Системные вызовы в Linux
Syscalls.
This section will outline the use of linux syscalls in assembly language. Syscalls consist of all the functions in the second section of the manual pages located in /usr/man/man2. They are also listed in: /usr/include/sys/syscall.h. A great list is at
http://www.linuxassembly.org/syscall.html. These functions can be executed via the linux interrupt service: int $0x80.
Syscalls with < 6 args.
For all syscalls, the syscall number goes in %eax. For syscalls that have less than six args, the args go in %ebx,%ecx,%edx,%esi,%edi in order. The return value of the syscall is stored in %eax.

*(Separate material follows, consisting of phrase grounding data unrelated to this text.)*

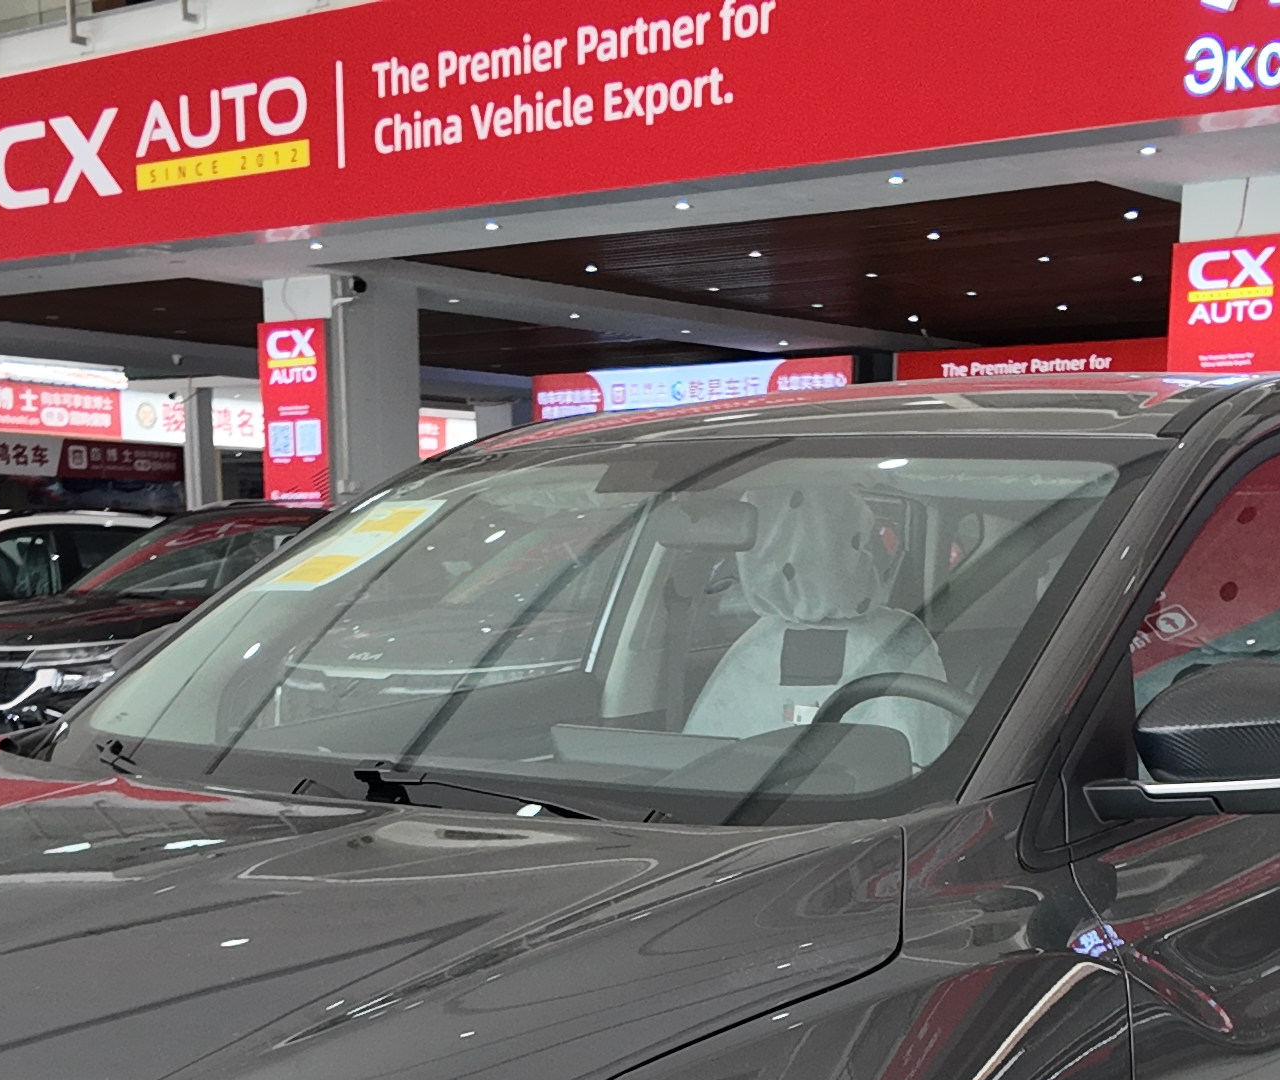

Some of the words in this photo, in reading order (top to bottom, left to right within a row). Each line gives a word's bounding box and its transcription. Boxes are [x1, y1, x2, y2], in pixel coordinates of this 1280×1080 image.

[372, 57, 429, 98] The
[438, 33, 568, 88] Premier
[577, 12, 711, 65] Partner
[720, 0, 777, 41] for
[136, 76, 308, 158] AUTO
[374, 111, 463, 154] China
[471, 86, 594, 141] Vehicle
[604, 67, 734, 125] Export.
[149, 160, 219, 184] SINCE
[240, 147, 299, 170] 2012
[1187, 246, 1276, 289] CX
[1187, 298, 1273, 326] AUTO
[267, 327, 316, 358] CX
[269, 366, 317, 385] AUTO
[941, 363, 968, 378] The
[970, 360, 1028, 376] Premier
[1030, 358, 1087, 373] Partner
[1089, 354, 1112, 370] for
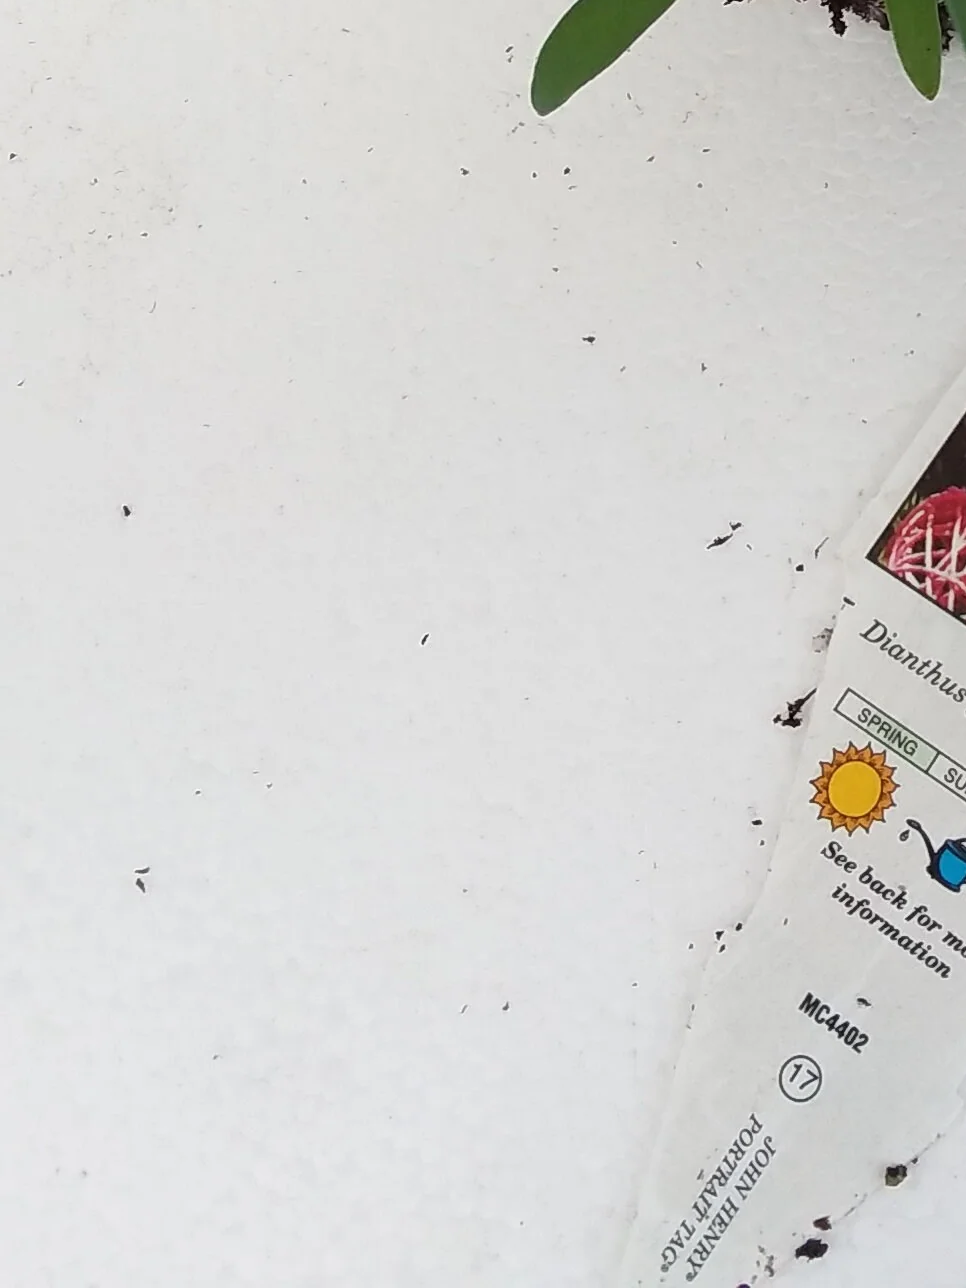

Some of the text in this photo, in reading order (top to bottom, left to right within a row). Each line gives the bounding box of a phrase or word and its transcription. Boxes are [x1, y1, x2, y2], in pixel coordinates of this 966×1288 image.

The syscall number can be found in /usr/include/sys/syscall.h. The macros are defined as SYS_
i.e. SYS_exit, SYS_close, etc.
Example:
(Hello world program - it had to be done)
According to the write(2) man page, write is declared as: ssize_t write(int fd, const void *buf, size_t count);
Hence fd goes in %ebx, buf goes in %ecx, count goes in %edx and SYS_write goes in %eax. This is followed by an int $0x80 which executes the syscall. The return value of the syscall is stored in %eax.
$ cat write.s
.include "defines.h"
.data
hello:
.string "hello world\n"
.globl main
main:
movl $SYS_write,%eax
movl $STDOUT,%ebx
movl $hello,%ecx
movl $12,%edx
int $0x80
ret
The same process applies to syscalls which have less than five args. Just leave the un-used registers unchanged. Syscalls such as open or fcntl which have an optional extra arg will know what to use.
Syscalls with > 5 args.
Syscalls whos number of args is greater than five still expect the syscall number to be in %eax, but the args are arranged in memory and the pointer to the first arg is stored in %ebx.
If you are using the stack, args must be pushed onto it backwards, i.e. from the last arg to the first arg. Then the stack pointer should be copied to %ebx. Otherwise copy args to an allocated area of memory and store the address of the first arg in %ebx.
Example:
(mmap being the example syscall). Using mmap() in C:
#include <sys/types.h>
#include <sys/stat.h>
#include <sys/mman.h>
#include <fcntl.h>
#include <unistd.h>
#define STDOUT 1
int main(void) {
char file[]="mmap.s";
char *mappedptr;
int fd,filelen;
fd=fopen(file, O_RDONLY);
filelen=lseek(fd,0,SEEK_END);
mappedptr=mmap(NULL,filelen,PROT_READ,MAP_SHARED,fd,0);
write(STDOUT, mappedptr, filelen);
munmap(mappedptr, filelen);
close(fd);
return 0;
}
Arrangement of mmap() args in memory:
%esp %esp+4 %esp+8 %esp+12 %esp+16 %esp+20
00000000 filelen 00000001 00000001 fd 00000000
ASM Equivalent:
$ cat mmap.s
.include "defines.h"
.data
file:
.string "mmap.s"
fd:
.long 0
filelen:
.long 0
mappedptr:
.long 0
.globl main
main:
push %ebp
movl %esp,%ebp
subl $24,%esp
// open($file, $O_RDONLY);
movl $fd,%ebx // save fd
movl %eax,(%ebx)
// lseek($fd,0,$SEEK_END);
movl $filelen,%ebx // save file length
movl %eax,(%ebx)
xorl %edx,%edx
// mmap(NULL,$filelen,PROT_READ,MAP_SHARED,$fd,0);
movl %edx,(%esp)
movl %eax,4(%esp) // file length still in %eax
movl $PROT_READ,8(%esp)
movl $MAP_SHARED,12(%esp)
movl $fd,%ebx // load file descriptor
movl (%ebx),%eax
movl %eax,16(%esp)
movl %edx,20(%esp)
movl $SYS_mmap,%eax
movl %esp,%ebx
int $0x80
movl $mappedptr,%ebx // save ptr
movl %eax,(%ebx)
// write($stdout, $mappedptr, $filelen);
// munmap($mappedptr, $filelen);
// close($fd);
movl %ebp,%esp
popl %ebp
ret
$
NOTE: The above source listing differs from the example source code found at the end of the article. The code listed above does not show the other syscalls, as they are not the focus of this section. The source above also only opens mmap.s, whereas the example source reads the command line arguments. The mmap example also uses lseek to get the filesize.